彼は私より一回りほど年が若いのですが、頭が良く、とてもバイタリティがあり、地域にこだわった生産活動の「飲食業」「農業」「強度行動障害」「医療的依存度の高い方」「暮らしの支援」と、いずれも先駆的に切り拓いてこられました。また、日本福祉大学の学生バイトをはじめ、若き職員たち。新しい感覚で、躍動が感じられます。さらに、時代に必要な研修会を「オールジャパン」で開催されています。

年代は違うのですが、戸枝さんの考え方に共感することが多いです。そのひとつに、専門家は直接支援というより、「地域住民」と「障害当事者」をつなぐということが、支援では重要ということです。支援者がますます少なくなる社会の中で、ポイントになる考えだと捉えています。

 

今回の「ふわりんクルージョン」は、確か3回目。初回は、当法人も医療依存の高い方の支援を始めようとした頃で、懇親会で語り合おうと、当法人のスタッフが3次会まで参加しました。

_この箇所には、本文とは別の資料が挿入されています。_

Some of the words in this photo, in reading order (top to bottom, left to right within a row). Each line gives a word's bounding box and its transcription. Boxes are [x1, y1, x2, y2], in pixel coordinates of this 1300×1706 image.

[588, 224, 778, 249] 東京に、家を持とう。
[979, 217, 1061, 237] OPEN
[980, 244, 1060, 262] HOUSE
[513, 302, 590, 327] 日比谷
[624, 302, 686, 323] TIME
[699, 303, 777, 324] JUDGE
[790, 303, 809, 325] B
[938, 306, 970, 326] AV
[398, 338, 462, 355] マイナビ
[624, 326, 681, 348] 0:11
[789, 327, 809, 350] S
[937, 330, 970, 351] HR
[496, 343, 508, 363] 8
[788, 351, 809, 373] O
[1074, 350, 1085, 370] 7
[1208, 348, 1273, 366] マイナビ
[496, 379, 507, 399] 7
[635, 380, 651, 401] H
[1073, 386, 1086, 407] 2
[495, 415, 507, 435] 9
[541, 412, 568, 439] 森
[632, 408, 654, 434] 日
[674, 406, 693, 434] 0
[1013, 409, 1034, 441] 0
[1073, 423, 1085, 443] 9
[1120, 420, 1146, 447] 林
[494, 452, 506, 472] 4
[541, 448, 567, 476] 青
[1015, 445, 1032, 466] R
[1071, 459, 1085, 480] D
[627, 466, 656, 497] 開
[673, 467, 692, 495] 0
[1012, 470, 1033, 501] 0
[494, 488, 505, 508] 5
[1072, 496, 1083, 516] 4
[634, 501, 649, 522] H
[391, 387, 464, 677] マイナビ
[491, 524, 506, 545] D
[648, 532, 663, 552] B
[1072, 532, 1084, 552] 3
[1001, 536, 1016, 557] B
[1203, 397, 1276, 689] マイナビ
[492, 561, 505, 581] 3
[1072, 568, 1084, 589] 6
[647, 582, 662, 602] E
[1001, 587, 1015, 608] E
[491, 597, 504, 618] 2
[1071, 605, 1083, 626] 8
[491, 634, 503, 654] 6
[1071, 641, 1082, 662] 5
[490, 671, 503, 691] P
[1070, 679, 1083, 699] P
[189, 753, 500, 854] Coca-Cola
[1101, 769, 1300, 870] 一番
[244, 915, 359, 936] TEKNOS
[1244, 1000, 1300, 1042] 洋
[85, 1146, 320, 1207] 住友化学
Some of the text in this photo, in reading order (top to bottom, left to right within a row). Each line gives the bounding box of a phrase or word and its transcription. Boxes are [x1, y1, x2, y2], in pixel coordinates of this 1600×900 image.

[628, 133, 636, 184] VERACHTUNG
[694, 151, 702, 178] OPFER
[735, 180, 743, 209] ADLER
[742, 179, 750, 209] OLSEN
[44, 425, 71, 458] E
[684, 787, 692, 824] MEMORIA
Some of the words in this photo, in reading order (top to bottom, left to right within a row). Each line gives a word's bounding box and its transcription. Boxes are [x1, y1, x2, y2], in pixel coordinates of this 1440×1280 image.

医療的ケアを実際にされている東京事業所の3階は、エレベーターもなく狭い階段を上らなければいけませんでしたが、ここで、野田聖子衆議院議員の子どもさんを始め、医療依存度の高い方の支援をされているのだとお聞きして驚き、感動しました。

現在は医療が発達しているため、スペシャルニーズ(超重症児)の子どもたちが増え、地域で暮らしていくために、看護師や介護士の育成や支える法律、制度、インフラ整備が急がれます。そこで、彼は東京に事業所を出し、愛知県の知多から週2回東京に通って事業所を運営し、しかも様々な研修会を企画しながら、運動を展開されているのです。

今回は、久留米市役所から健康福祉部総務、総合政策部の2名の職員、そして藤林市議、秋永市議が、「医療依存度の高い子どもの在宅ケア」「小規模多機能自治と地域包括ケア」「発達障害のある生活困窮者支援」について学ぶために参加されました。

会場では、困窮者自立支援法を中心的に創られた熊木正人さん(厚労省企画官)と直接お話をする機会をいただきました。分科会には企業や社協、NPO法人など、各地で時代を切り拓いている方々が登壇されており、大変勉強になりました。   (常務理事 馬場 篤子)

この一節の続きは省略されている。